Interactions of lipids with peripheral-type benzodiazepine receptors

Abstract

Peripheral-type benzodiazepine receptors (PBRs) are present at high densities in the rat kidney distal tubule. [3H]RO 5-4864 binding to PBRs in kidney membranes is inhibited by several unidentified low molecular weight hydrophobic compounds in urine and serum. We tested representative hydrophobic compounds from several lipid classes for ability to inhibit binding to rat kidney PBRs of two high affinity ligands, [3H]RO 5-4864 and [3H]PK 11195. Unsaturated fatty acids and alcohols inhibited [3H]RO 5-4864 binding with half-maximal inhibition occurring at 3 X 10(-6) M to 10(-4) M. Inhibitory potency increased with the degree of unsaturation. Phospholipids inhibited [3H]RO 5-4864 in the same concentration range, with inhibitory potency in this case dependent both upon an unsaturated fatty acid moiety and upon the polar head group. Phosphatidylethanolamine was the most potent phospholipid tested (IC50 = 2 X 10(-6) M), whereas phosphatidylcholine was not inhibitory.
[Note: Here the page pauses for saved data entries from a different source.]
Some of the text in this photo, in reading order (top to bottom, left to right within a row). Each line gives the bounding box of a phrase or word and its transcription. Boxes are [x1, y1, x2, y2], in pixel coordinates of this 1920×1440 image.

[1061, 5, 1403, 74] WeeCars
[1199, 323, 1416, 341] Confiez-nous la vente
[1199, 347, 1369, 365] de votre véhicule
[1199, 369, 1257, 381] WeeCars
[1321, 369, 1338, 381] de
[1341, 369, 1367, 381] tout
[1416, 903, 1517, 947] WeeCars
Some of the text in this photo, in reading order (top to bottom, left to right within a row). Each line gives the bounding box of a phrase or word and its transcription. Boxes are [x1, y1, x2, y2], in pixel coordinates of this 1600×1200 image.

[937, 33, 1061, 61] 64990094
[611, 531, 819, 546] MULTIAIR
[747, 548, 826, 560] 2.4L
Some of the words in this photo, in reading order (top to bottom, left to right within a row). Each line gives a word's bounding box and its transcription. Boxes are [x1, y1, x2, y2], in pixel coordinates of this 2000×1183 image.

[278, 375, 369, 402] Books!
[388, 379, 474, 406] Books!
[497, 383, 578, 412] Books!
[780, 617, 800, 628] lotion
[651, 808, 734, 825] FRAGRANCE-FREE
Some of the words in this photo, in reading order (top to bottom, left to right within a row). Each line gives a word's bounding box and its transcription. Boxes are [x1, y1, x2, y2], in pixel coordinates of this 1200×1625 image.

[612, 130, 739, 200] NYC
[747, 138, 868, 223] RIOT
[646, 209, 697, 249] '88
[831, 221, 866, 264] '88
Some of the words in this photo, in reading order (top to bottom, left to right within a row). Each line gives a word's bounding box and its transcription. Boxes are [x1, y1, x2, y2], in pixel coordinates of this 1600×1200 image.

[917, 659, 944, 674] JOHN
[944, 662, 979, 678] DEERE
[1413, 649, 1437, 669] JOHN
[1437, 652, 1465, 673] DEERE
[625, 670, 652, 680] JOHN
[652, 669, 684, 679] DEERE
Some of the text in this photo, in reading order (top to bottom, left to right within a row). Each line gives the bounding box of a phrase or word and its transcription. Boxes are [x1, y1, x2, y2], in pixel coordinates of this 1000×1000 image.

Although phospholipids inhibited both [3H]RO 5-4864 and [3H]PK 11195 binding equally, unsaturated fatty acids had a much greater inhibitory effect upon [3H]RO 5-4864 than upon [3H]PK 11195 binding. Similar effects were obtained with digitonin-solubilized PBRs. These data demonstrate that in our experiments PBR binding was inhibited by specific lipids and that binding of proposed agonist (RO 5-4864) and antagonist (PK 11195) ligands was differentially affected by unsaturated fatty acids.